** Opening Dataset block **

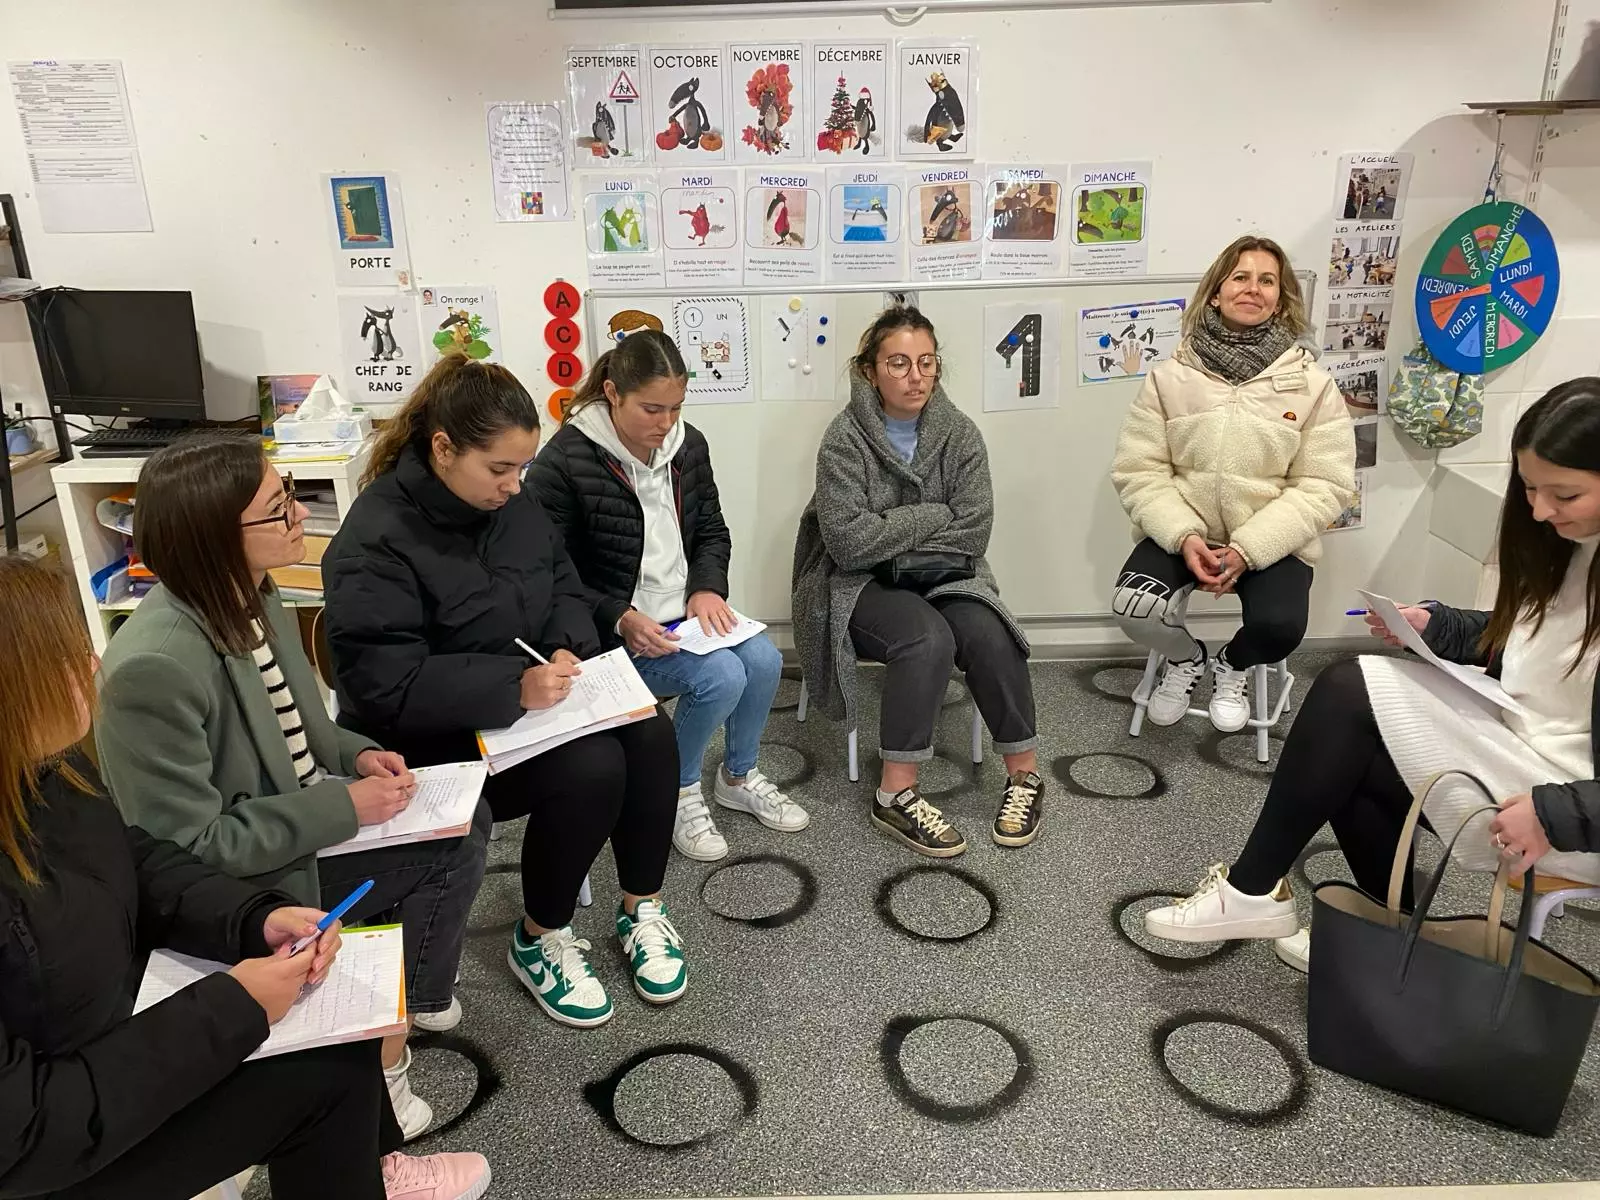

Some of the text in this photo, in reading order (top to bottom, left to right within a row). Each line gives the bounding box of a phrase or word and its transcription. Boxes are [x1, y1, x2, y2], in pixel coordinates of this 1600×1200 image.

[733, 48, 801, 63] NOVEMBRE
[818, 46, 883, 63] DÉCEMBRE
[908, 52, 962, 66] JANVIER
[571, 54, 637, 69] SEPTEMBRE
[653, 54, 719, 69] OCTOBRE
[1351, 155, 1398, 164] L'ACCUEIL
[852, 172, 878, 183] JEUDI
[921, 171, 968, 182] VENDREDI
[1008, 169, 1044, 179] SAMEDI
[1084, 172, 1136, 183] DIMANCHE
[605, 181, 633, 191] LUNDI
[681, 176, 713, 187] MARDI
[760, 176, 808, 187] MERCREDI
[1355, 223, 1397, 232] ATELIERS
[1486, 205, 1525, 272] DIMANCHE
[1460, 233, 1482, 280] SAMEDI
[350, 257, 391, 269] PORTE
[1499, 262, 1533, 284] LUNDI
[440, 295, 453, 304] On
[455, 297, 479, 306] range
[556, 291, 571, 308] A
[1331, 289, 1391, 300] LA MOTRICITÉ
[1499, 290, 1529, 319] MARDI
[690, 312, 695, 322] 1
[1449, 305, 1478, 340] JEUDI
[556, 326, 572, 344] C
[1484, 302, 1497, 358] MERCREDI
[355, 365, 413, 377] CHEF DE
[557, 361, 573, 378] D
[368, 381, 404, 393] RANG
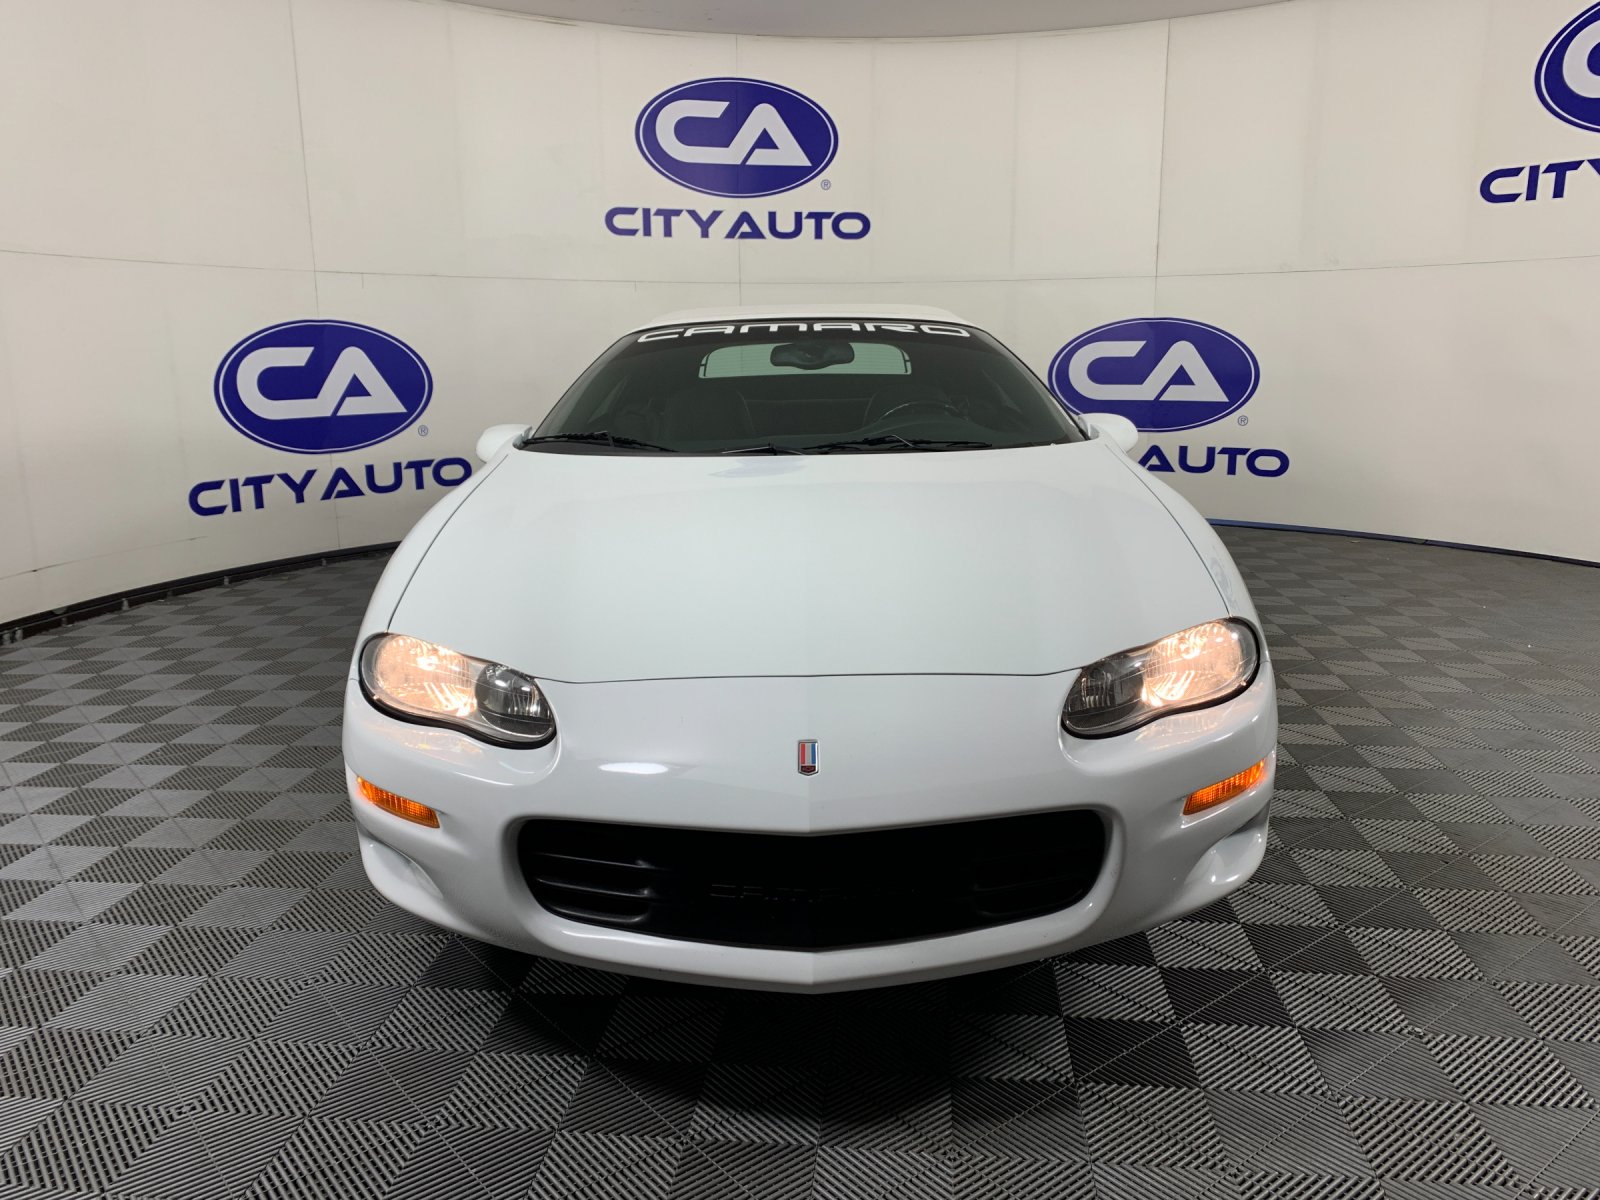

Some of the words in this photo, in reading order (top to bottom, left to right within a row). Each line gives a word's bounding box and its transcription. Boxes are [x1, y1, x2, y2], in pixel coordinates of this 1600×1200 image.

[655, 99, 812, 167] CA
[637, 322, 970, 343] CAMARO
[236, 346, 408, 421] CA
[1068, 340, 1230, 402] CA
[1137, 444, 1290, 478] AUTO

** Closing Dataset block **

Write out the listing word for word, omitting the pictures it holds.

Some of the text in this photo, in reading order (top to bottom, left to right within a row). Each line gives the bounding box of a phrase or word and its transcription. Boxes are [x1, y1, x2, y2], in pixel coordinates of this 1600×1200 image.

[733, 48, 801, 63] NOVEMBRE
[818, 46, 883, 63] DÉCEMBRE
[908, 52, 962, 66] JANVIER
[571, 54, 637, 69] SEPTEMBRE
[653, 54, 719, 69] OCTOBRE
[1351, 155, 1398, 164] L'ACCUEIL
[852, 172, 878, 183] JEUDI
[921, 171, 968, 182] VENDREDI
[1008, 169, 1044, 179] SAMEDI
[1084, 172, 1136, 183] DIMANCHE
[605, 181, 633, 191] LUNDI
[681, 176, 713, 187] MARDI
[760, 176, 808, 187] MERCREDI
[1355, 223, 1397, 232] ATELIERS
[1486, 205, 1525, 272] DIMANCHE
[1460, 233, 1482, 280] SAMEDI
[350, 257, 391, 269] PORTE
[1499, 262, 1533, 284] LUNDI
[440, 295, 453, 304] On
[455, 297, 479, 306] range
[556, 291, 571, 308] A
[1331, 289, 1391, 300] LA MOTRICITÉ
[1499, 290, 1529, 319] MARDI
[690, 312, 695, 322] 1
[1449, 305, 1478, 340] JEUDI
[556, 326, 572, 344] C
[1484, 302, 1497, 358] MERCREDI
[355, 365, 413, 377] CHEF DE
[557, 361, 573, 378] D
[368, 381, 404, 393] RANG

Some of the words in this photo, in reading order (top to bottom, left to right within a row). Each line gives a word's bounding box and its transcription. Boxes are [x1, y1, x2, y2], in pixel coordinates of this 1600×1200 image.

[655, 99, 812, 167] CA
[637, 322, 970, 343] CAMARO
[236, 346, 408, 421] CA
[1068, 340, 1230, 402] CA
[1137, 444, 1290, 478] AUTO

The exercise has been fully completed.